Re: RAID system with adaption to changed number of disks

Qu Wenruo Tue, 11 Oct 2016 22:52:06 -0700


At 10/12/2016 12:37 PM, Zygo Blaxell wrote:

On Wed, Oct 12, 2016 at 09:32:17AM +0800, Qu Wenruo wrote:

But consider the identical scenario with md or LVM raid5, or any
conventional hardware raid5. A scrub check simply reports a mismatch.
It's unknown whether data or parity is bad, so the bad data strip is
propagated upward to user space without error.

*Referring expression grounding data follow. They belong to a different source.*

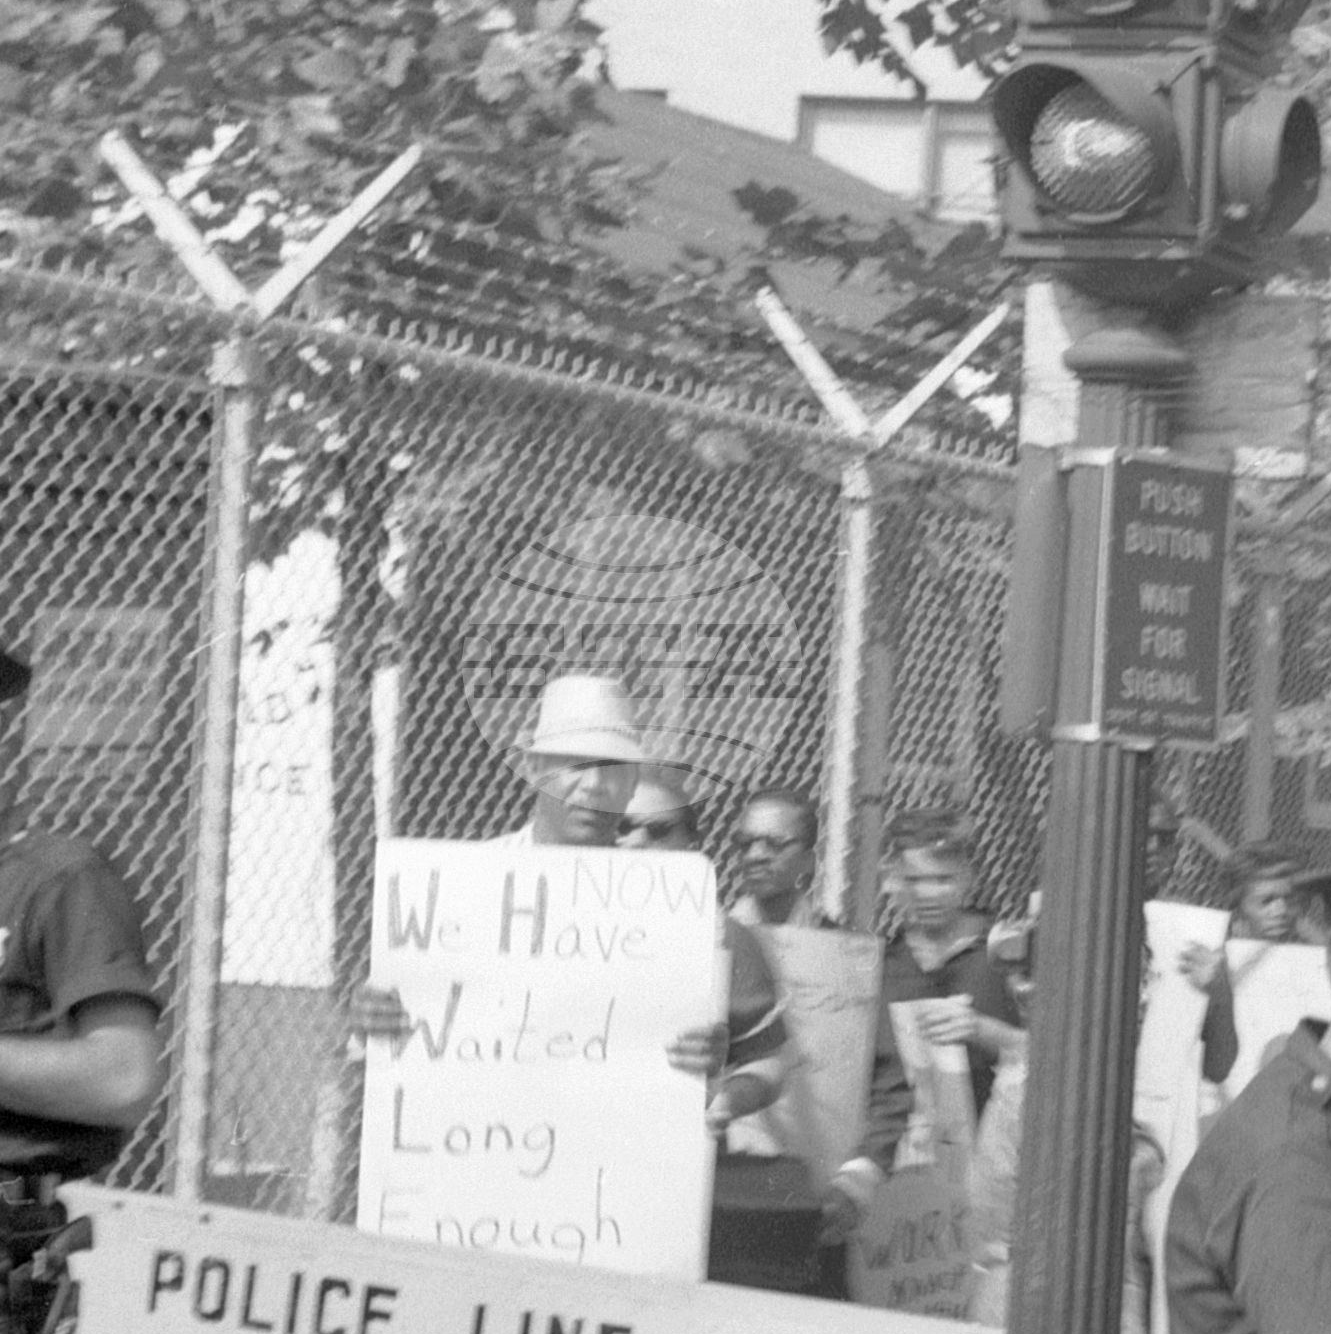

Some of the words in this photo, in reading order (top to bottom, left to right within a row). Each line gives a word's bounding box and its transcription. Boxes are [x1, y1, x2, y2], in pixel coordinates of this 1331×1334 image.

[387, 869, 463, 952] We
[498, 869, 649, 961] Have
[573, 855, 704, 915] NOW
[390, 980, 616, 1063] Waited
[392, 1083, 557, 1178] Long
[379, 1167, 622, 1262] Enough

On a scrub repair, the
data strip is assumed to be good, and good parity is overwritten with
bad.


Totally true.

Original RAID5/6 design is only to handle missing device, not rotted bits.

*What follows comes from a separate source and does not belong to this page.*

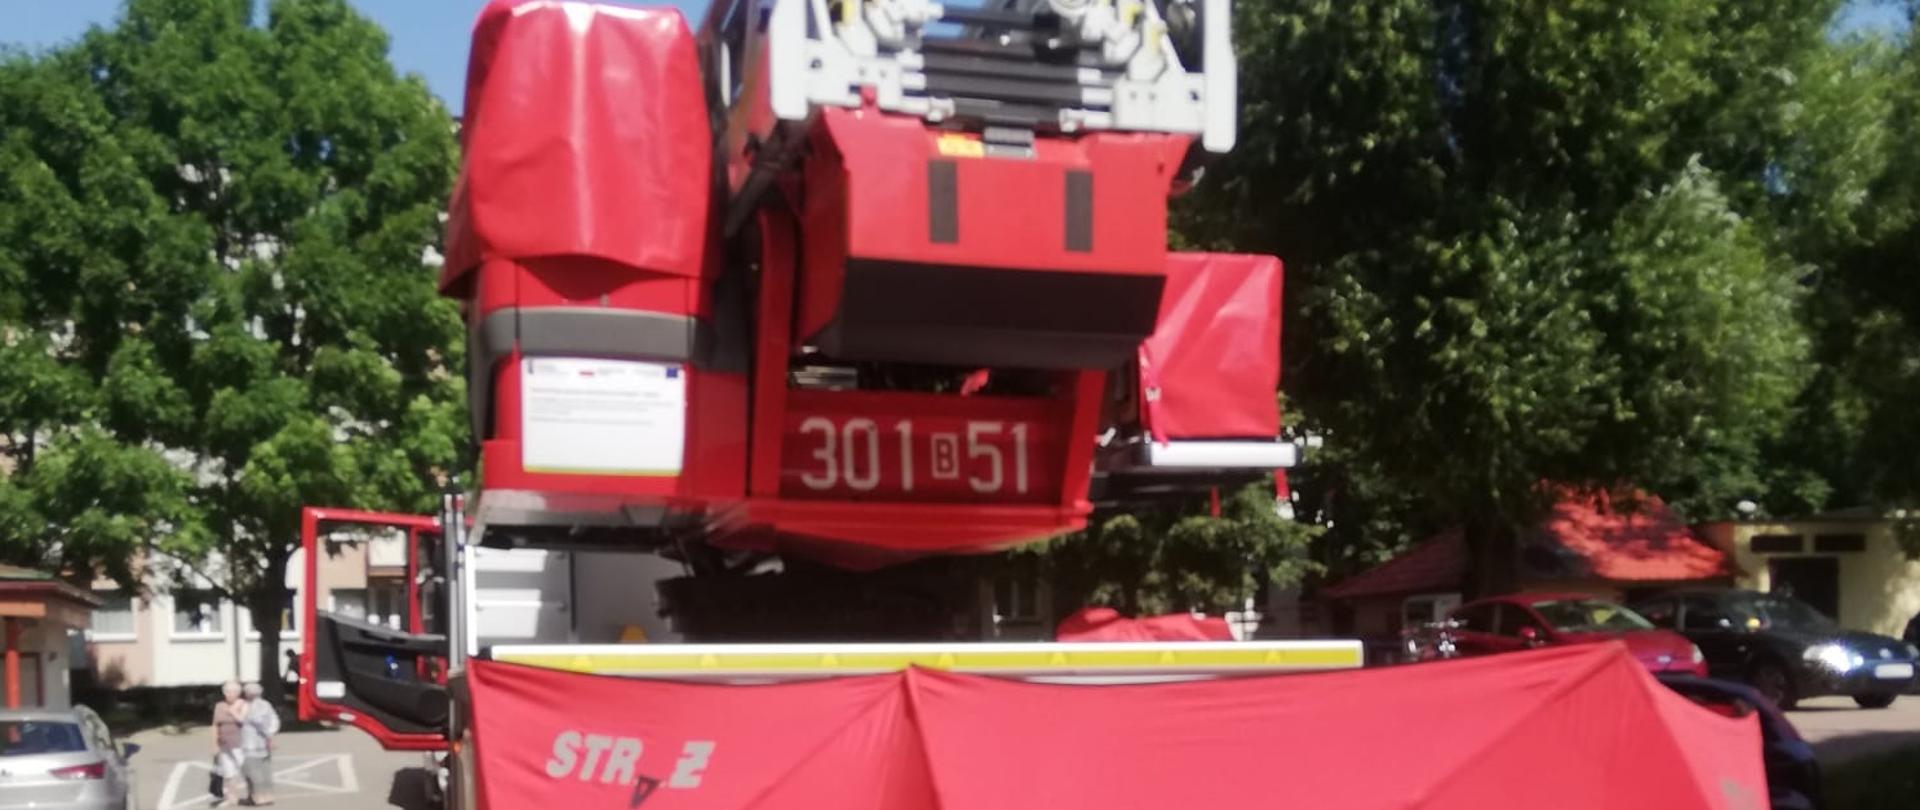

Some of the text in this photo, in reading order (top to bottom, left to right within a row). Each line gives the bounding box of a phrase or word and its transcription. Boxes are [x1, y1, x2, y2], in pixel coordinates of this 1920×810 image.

[800, 417, 1028, 494] 301 B 51

Missing device is the _only_ thing the current design handles.  i.e. you
umount the filesystem cleanly, remove a disk, and mount it again degraded,
and then the only thing you can safely do with the filesystem is delete
or replace a device.  There is also a probability of being able to repair
bitrot under some circumstances.

If your disk failure looks any different from this, btrfs can't handle it.
If a disk fails while the array is running and the filesystem is writing,
the filesystem is likely to be severely damaged, possibly unrecoverably.

A btrfs -dsingle -mdup array on a mdadm raid[56] device might have a
snowball's chance in hell of surviving a disk failure on a live array
with only data losses.  This would work if mdadm and btrfs successfully
arrange to have each dup copy of metadata updated separately, and one
of the copies survives the raid5 write hole.  I've never tested this
configuration, and I'd test the heck out of it before considering
using it.

So while I agree in total that Btrfs raid56 isn't mature or tested
enough to consider it production ready, I think that's because of the
UNKNOWN causes for problems we've seen with raid56. Not the parity
scrub bug which - yeah NOT good, not least of which is the data
integrity guarantees Btrfs is purported to make are substantially
negated by this bug. I think the bark is worse than the bite. It is
not the bark we'd like Btrfs to have though, for sure.


Current btrfs RAID5/6 scrub problem is, we don't take full usage of tree and
data checksum.

[snip]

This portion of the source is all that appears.